Last March, the virtual workshop took place: Citizen Science & Digital Entomology in Mosquito-Borne Disease Surveillance in Europe. The program organized by Wageningen University & Research, CEAB-CSIC, InfraVec2 and AIM-COST took place in two sessions on March 22 and 23. The objective was to create a framework for discussion among experts on the role that careful science can or should have in the surveillance and monitoring of mosquitoes that can transmit diseases, both invasive species such as the tiger mosquito (Aedes albopictus), as well as native species such as the common mosquito (Culex pipiens).

The first session included the presentation of different experiences in the field of citizen science and monitoring of mosquitoes in Europe.
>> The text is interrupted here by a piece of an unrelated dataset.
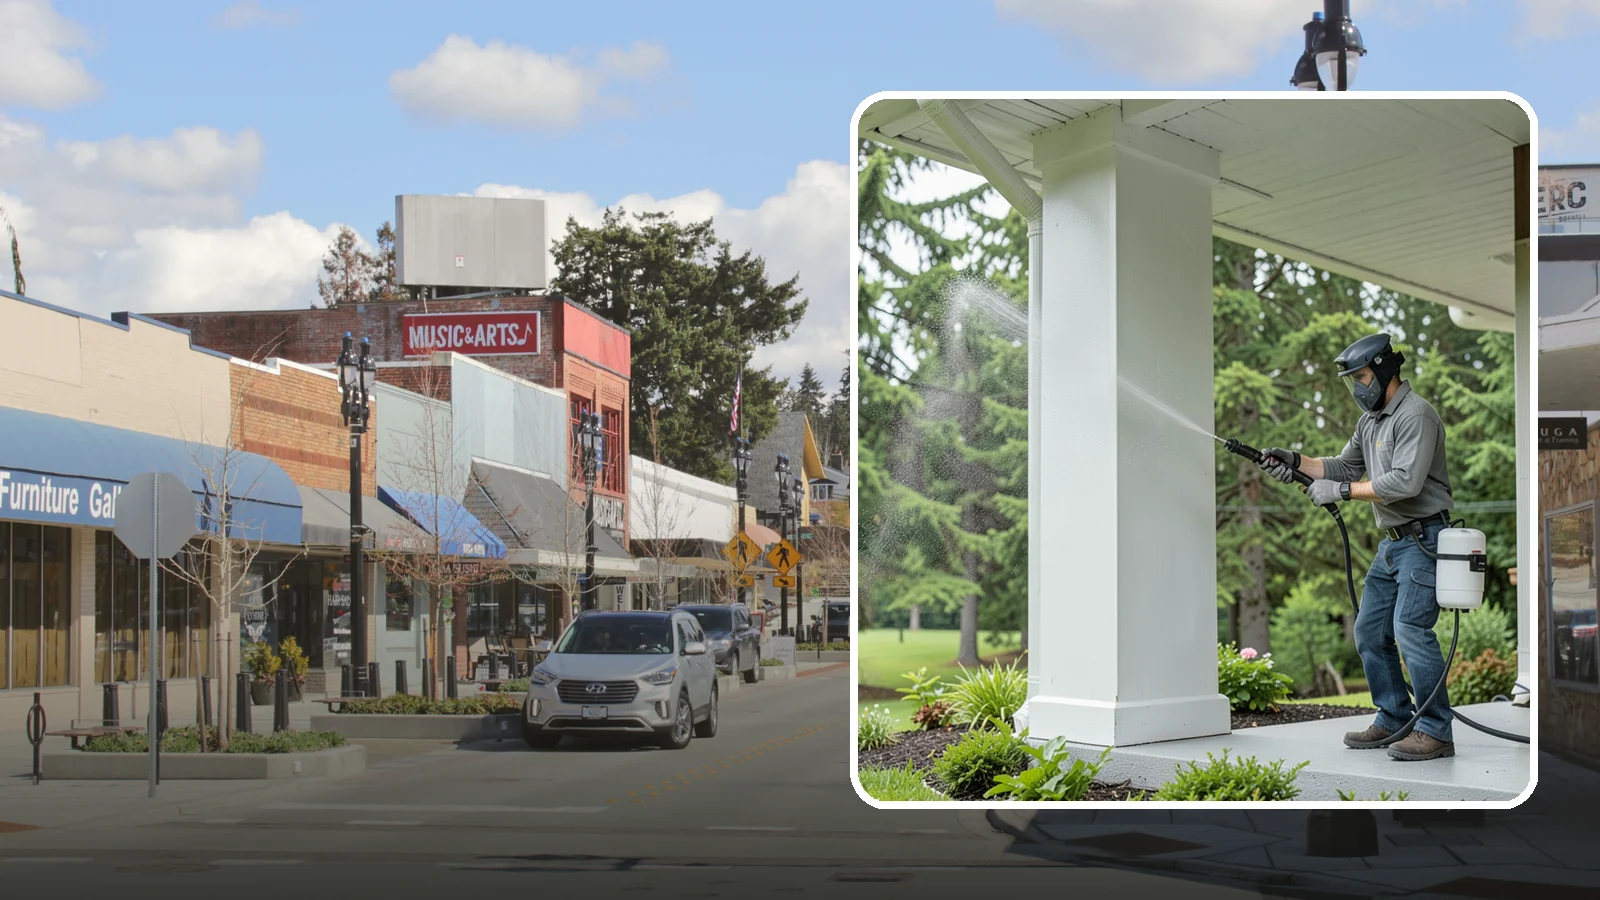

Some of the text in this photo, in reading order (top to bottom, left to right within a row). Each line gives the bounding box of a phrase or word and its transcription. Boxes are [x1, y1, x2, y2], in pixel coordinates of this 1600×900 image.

[1540, 427, 1577, 437] UGA
[0, 471, 121, 519] Furniture Gal
[453, 563, 479, 574] SUSHI
Rudy Blom explained the work carried out in Holland with Culex pipiens within the framework of Müggenradar!, Nadja Pernat presented the work carried out in Germany by Mückenatlas, while Isis Sanpera showed the implementation of Mosquito Alert in Europe, and Beniamino Caputo specific studies carried out in Italy with Mosquito Alert. Next, Alessandra della Torre and Martin Blockehurst held a dialogue on the need to coordinate and work on the creation of a community of expert entomologists in charge of validating citizen science reports, as well as public health managers who trust and use this information. information. Two communities necessary for the proper functioning of a citizen science program.
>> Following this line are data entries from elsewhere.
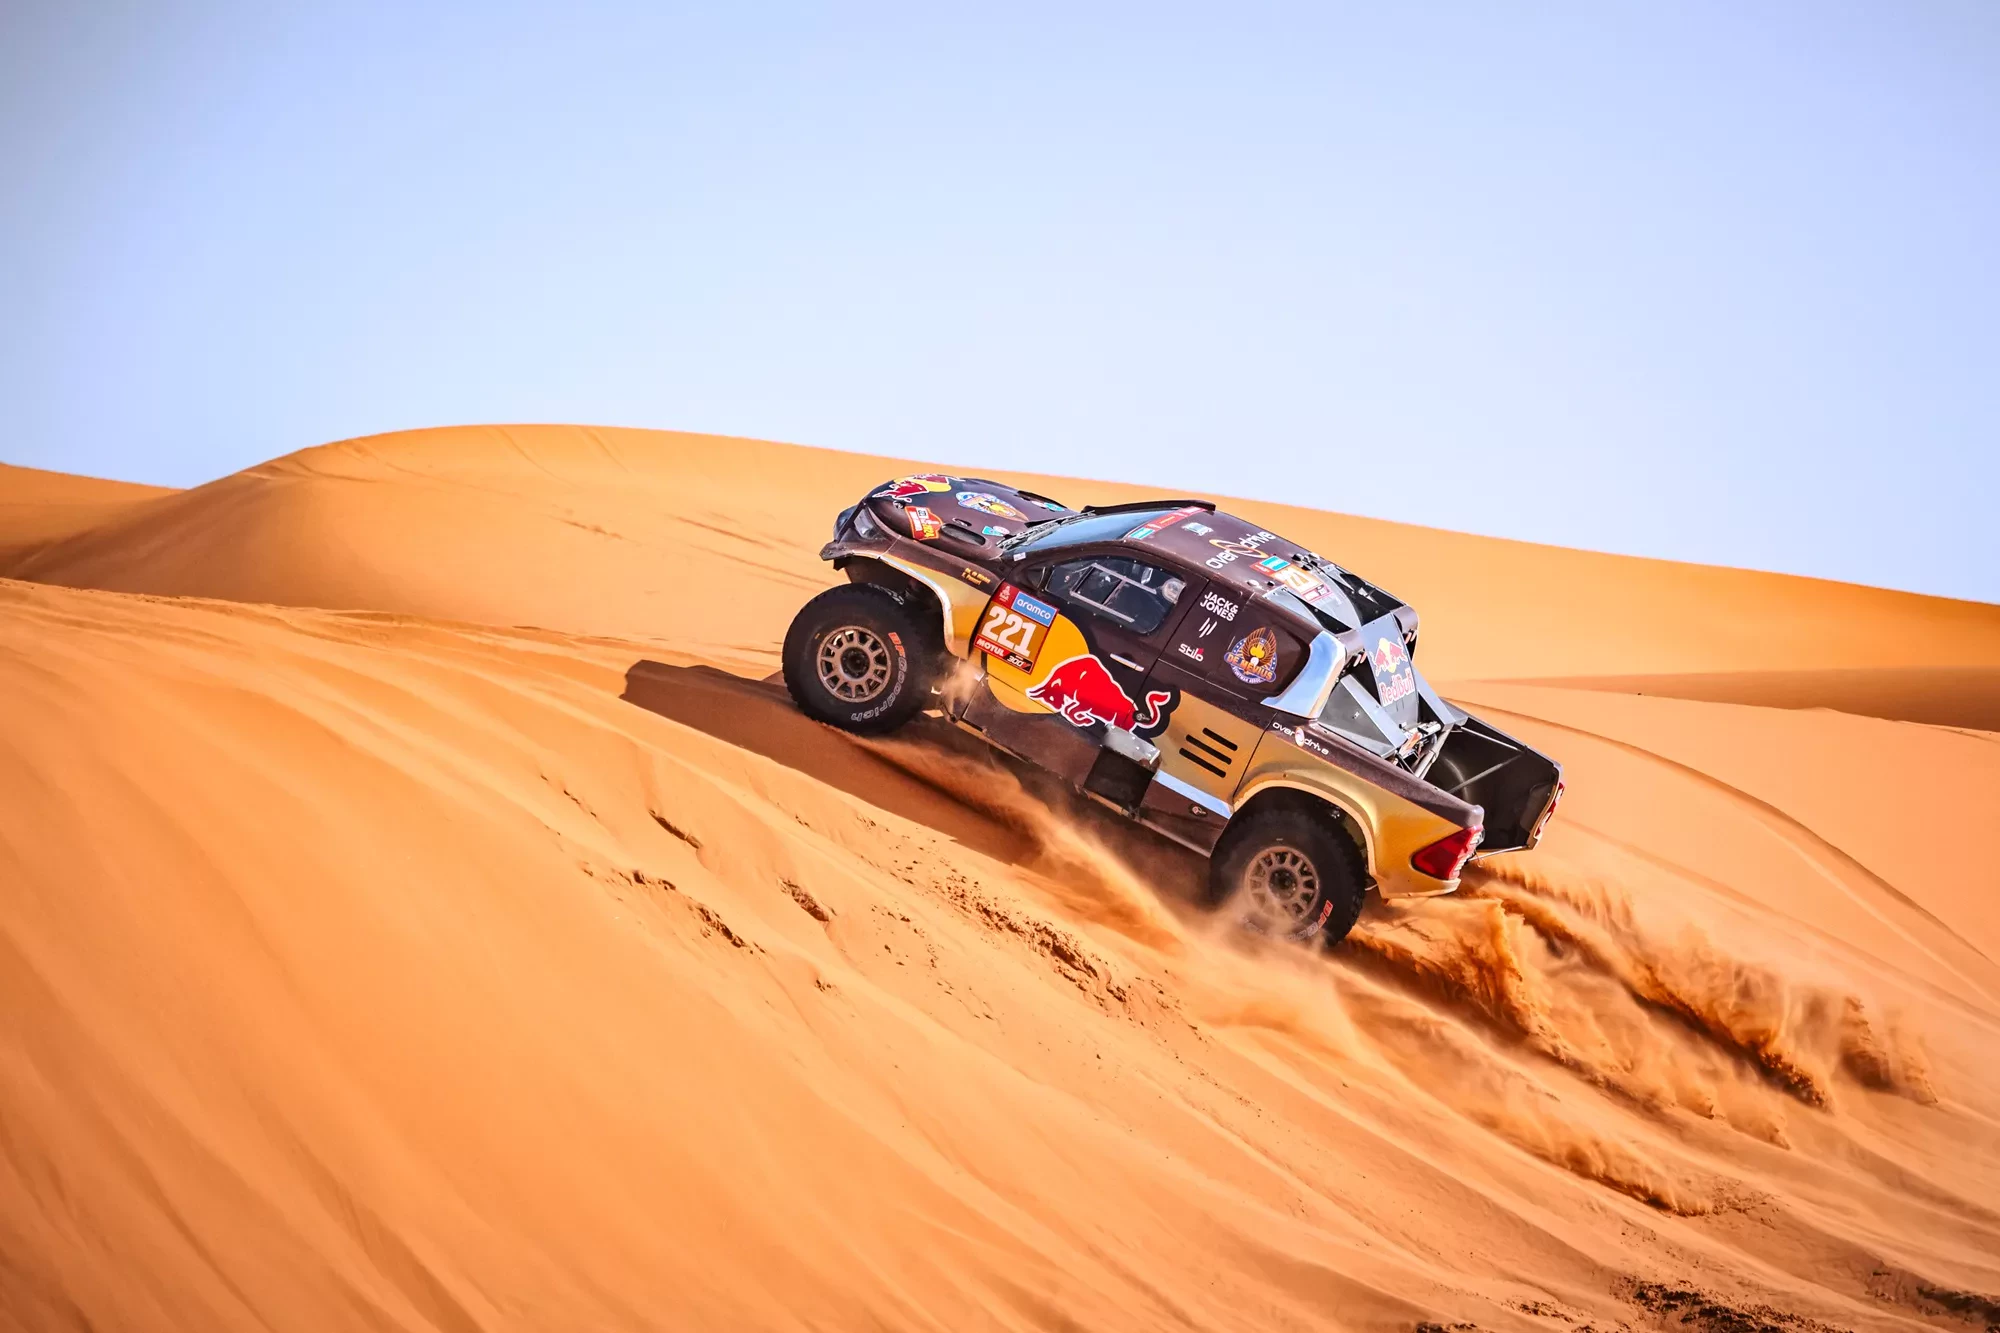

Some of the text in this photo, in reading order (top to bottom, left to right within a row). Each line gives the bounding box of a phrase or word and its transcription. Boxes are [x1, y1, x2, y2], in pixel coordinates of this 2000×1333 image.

[1016, 598, 1051, 620] aramco
[1200, 599, 1235, 621] JONES
[981, 605, 1037, 657] 221
[976, 638, 1005, 657] MOTUL
[1227, 653, 1273, 680] DE MEVIUS
[1272, 722, 1295, 736] over
The future of citizen science in European monitoring systems

The second session on the 23rd started with the possibilities of digital entomology. Ryan Carney and Joan Garriga talked about the different projects underway that use artificial intelligence to help identify and classify mosquitoes from photographs. The current advances and their limitations were discussed, and how artificial intelligence could help and facilitate the work of experts in the validation of reports.

A second block of work was that of the communication strategies necessary in citizen science projects by Arnold van Vliet. Marion de Vries explained the difficulties of communicating risk, the need to find a balance between avoiding exaggerating it, creating panic, and minimizing it. Finally, Eva Veronesi and Marieta Braks discussed the current mosquito monitoring systems at European level, and the fit that citizen science could have. How to integrate the data provided by citizen science with those obtained by traditional sampling methods? After several exchanges of views, the question remained unanswered. The workshop ended with the conclusions by the congress coordinators: Sander Koenraadt and Frederic Bartumeus.

The organizing team for the event was made up of people from Wageningen University & Research and Mosquito Alert: Sander Koenraadt, Jet Griep, Rody Blom, Arnold van Vliet, Frederic Bartumeus, Ayat Abourashed, Aitana Oltra, Alex Richter-Boix, Santi Escartín.